3260. Robert Southey to Grosvenor Charles Bedford, 6 March 1819

3260. Robert Southey to Grosvenor Charles Bedford, 6 March 1819 *
My dear Grosvenor
Thank you for the half-bills. The frank was put in a day after date, but it passed for a double, & so I paid nothing for the additional cover. – Charles Cuthbert shall be the name. The child is going on well, the mother tolerably, & I am in good humour with myself for the progress which I now make daily toward the completion of my Opus Majus. [1]

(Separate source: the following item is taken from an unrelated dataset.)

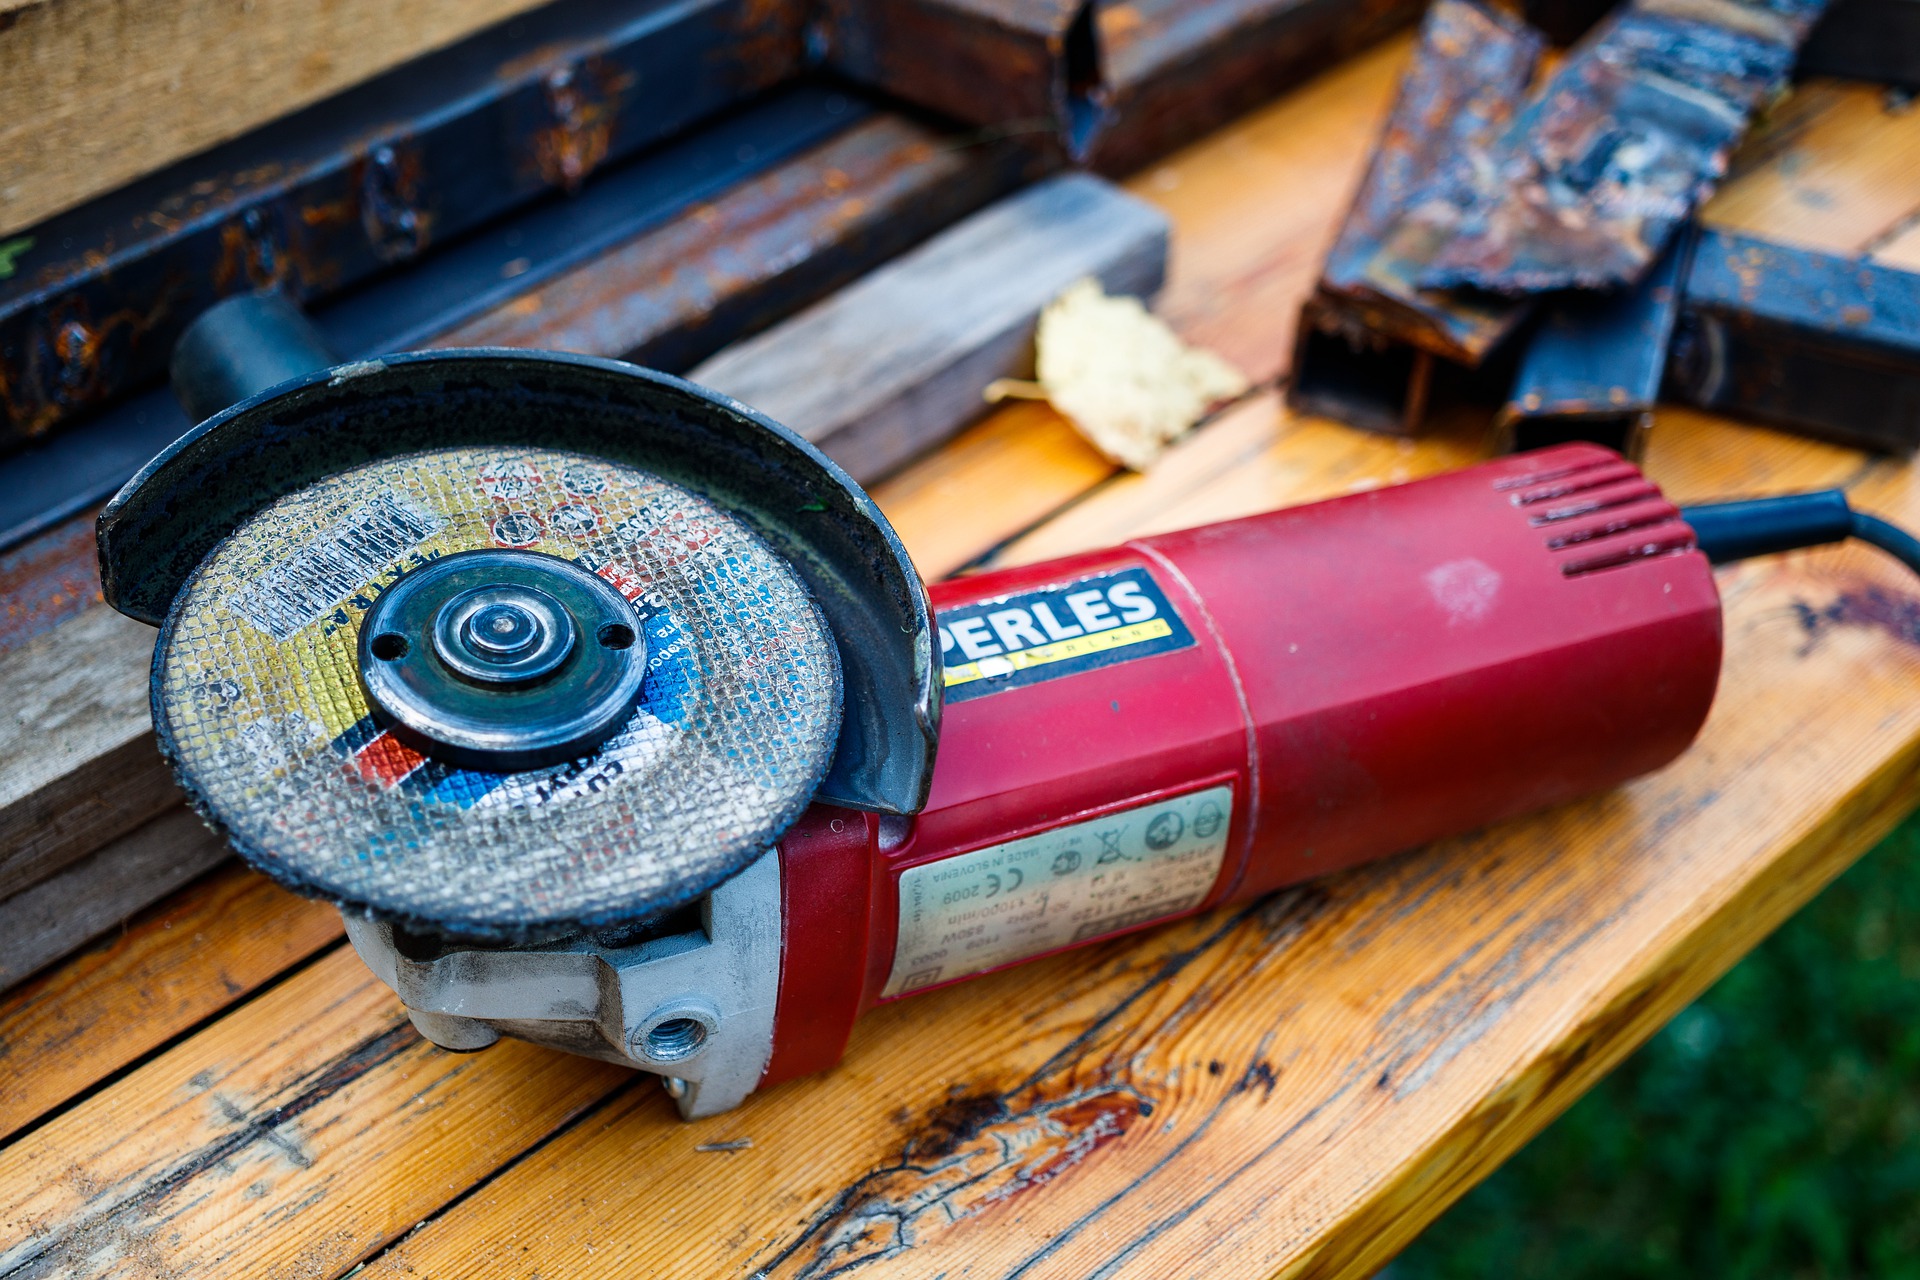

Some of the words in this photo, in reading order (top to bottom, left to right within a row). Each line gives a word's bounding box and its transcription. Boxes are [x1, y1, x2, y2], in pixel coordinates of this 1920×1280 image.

[991, 856, 1002, 867] IN
[1007, 847, 1038, 863] MADE
[932, 861, 988, 881] SLOVENIA
[943, 884, 978, 905] 2009

Have you learnt to ride the German Horse, – or in other words to travel in the Pedestrian Carriage? [2] I have seen this evening the first intelligible description of this odd invention, – & if a mountainous country were not the worst country in the world for one, I should be tempted to set up my carriage
Murraylemagne has the Osiris tells me has discovered since he dined with me in the summer – that I am a perfect xmisanthropist,” – a very ingenious discovery of that great personage, who might dispute with Swedenborgs Deity the title of the Maximus Homo. [3] – The Almanachs are still xxxx in durance in Albermarle Street, & when the Review comes out, [4] it is more than an even chance that they are forgotten, – for his people are much more careless than the Long Men of the Row, who are quite careless enough.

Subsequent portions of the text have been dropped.